L’un des projets les plus marquants de Sergei Loznitsa est La Funérailles de Staline, un documentaire entièrement construit à partir d’images d’archives.

« J’ai réalisé ce film à partir de 35 heures de rushs. La majorité des images étaient en noir et blanc, donc la question de la couleur ne s’est pas posée. De plus, les pellicules 35 mm de l’époque n’avaient pas de son. Nous avons donc travaillé en muet. »

Cependant, il disposait également de 45 heures d’enregistrements radio diffusés à travers toute l’URSS à l’époque des funérailles de Staline. Cette richesse documentaire lui a permis de construire un film unique, où l’image et le son, bien que séparés à l’origine, se répondent pour recréer l’atmosphère de l’événement.

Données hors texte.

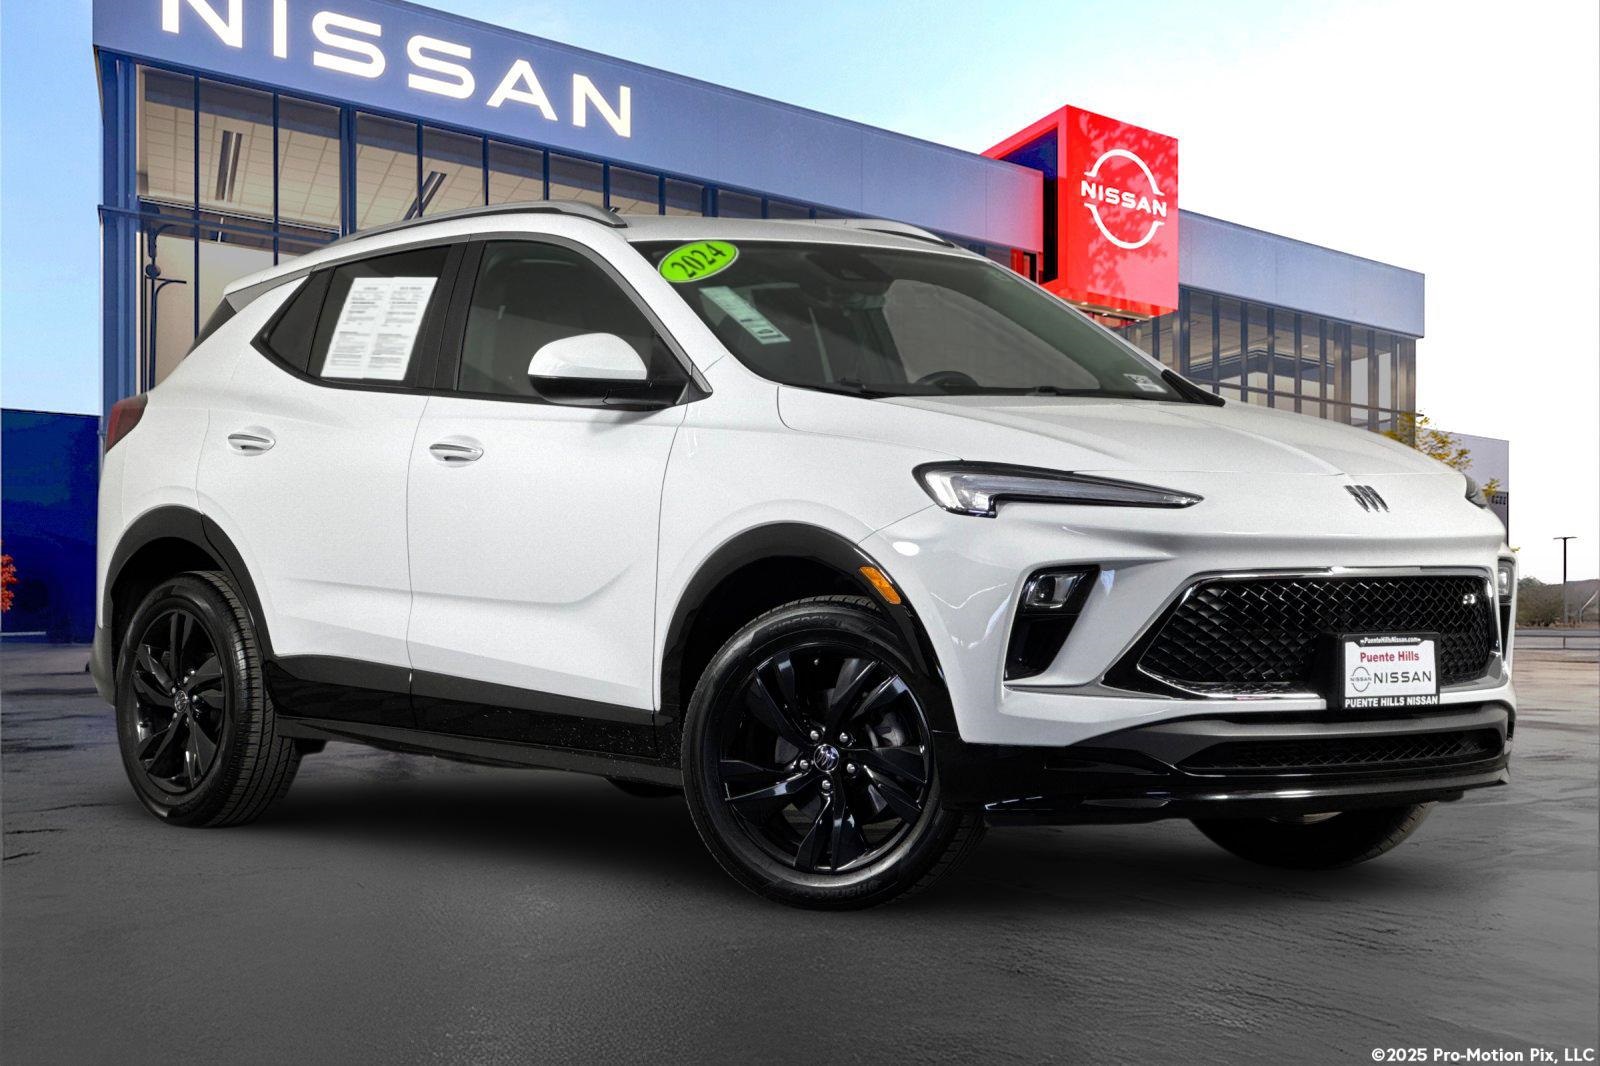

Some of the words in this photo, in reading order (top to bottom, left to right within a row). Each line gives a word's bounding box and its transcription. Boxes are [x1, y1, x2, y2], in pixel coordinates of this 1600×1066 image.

« Dans ce film, il m’était impossible d’imposer un point de vue, surtout pas le mien. Cela aurait effacé celui des personnes pour qui Staline est un héros. Malgré ma volonté de garder un regard neutre, le film a été interdit en Russie. »

« Donbass » : entre reconstitution et réalité

Avec Donbass, Loznitsa plonge dans le chaos de la guerre en Ukraine, en adoptant une approche radicalement différente. Le film est basé sur des vidéos amateurs trouvées sur YouTube, montrant des scènes de guerre, de propagande et de chaos social.

« Ce film parle d’une situation précise dans un territoire précis. Chaque séquence commence par une vidéo amateur, souvent filmée avec un téléphone portable. »

Son objectif : reproduire ces vidéos à l’identique, en recréant leur mise en scène et leur réalisme brut.

« Si vous comparez les séquences du film avec les vidéos originales trouvées sur YouTube, vous verrez qu’elles sont quasiment identiques. J’ai voulu recréer exactement les mêmes conditions de prise de vue. »

Lors de notre discussion, je lui ai posé une question sur la dernière séquence du film, qui se distingue des autres par son ton plus affirmé.

« La dernière séquence repose-t-elle aussi sur une vidéo amateur ? »

Loznitsa m’a répondu sans hésitation :

« Non, cette séquence est mon propre avis sur la situation dans le Donbass. Il n’y a pas de vidéo amateur. »

Vers un cinéma qui brouille les frontières

Son prochain projet pousse encore plus loin cette réflexion sur la frontière entre fiction et réalité. Loznitsa souhaite que le spectateur ne puisse plus distinguer les images d’archives des images reconstituées.

« Mon objectif est que le spectateur ne sache plus s’il regarde des images de fiction ou des documents d’archives. »

Avec cette approche, il continue d’explorer la complexité du réel, en interrogeant notre rapport aux images et à l’histoire.

La rencontre avec Sergei Loznitsa a mis en lumière un cinéaste profondément engagé dans son exploration de la mémoire et de la représentation de la réalité. Son travail, à la croisée du documentaire et de la fiction, interroge notre perception des images et du passé. En revisitant les archives, en recréant des événements ou en mettant en scène des fragments de réalité, il nous invite à remettre en question ce que nous voyons et à comprendre que toute image est une construction.

Son approche unique du cinéma continue d’évoluer, et son ambition de brouiller les frontières entre réel et reconstitué ouvre de nouvelles perspectives pour le spectateur. Loznitsa ne se contente pas de raconter l’histoire : il nous pousse à la voir autrement, à en percevoir les nuances et à en interroger la vérité. Un cinéaste incontournable pour qui s’intéresse à la puissance du langage cinématographique.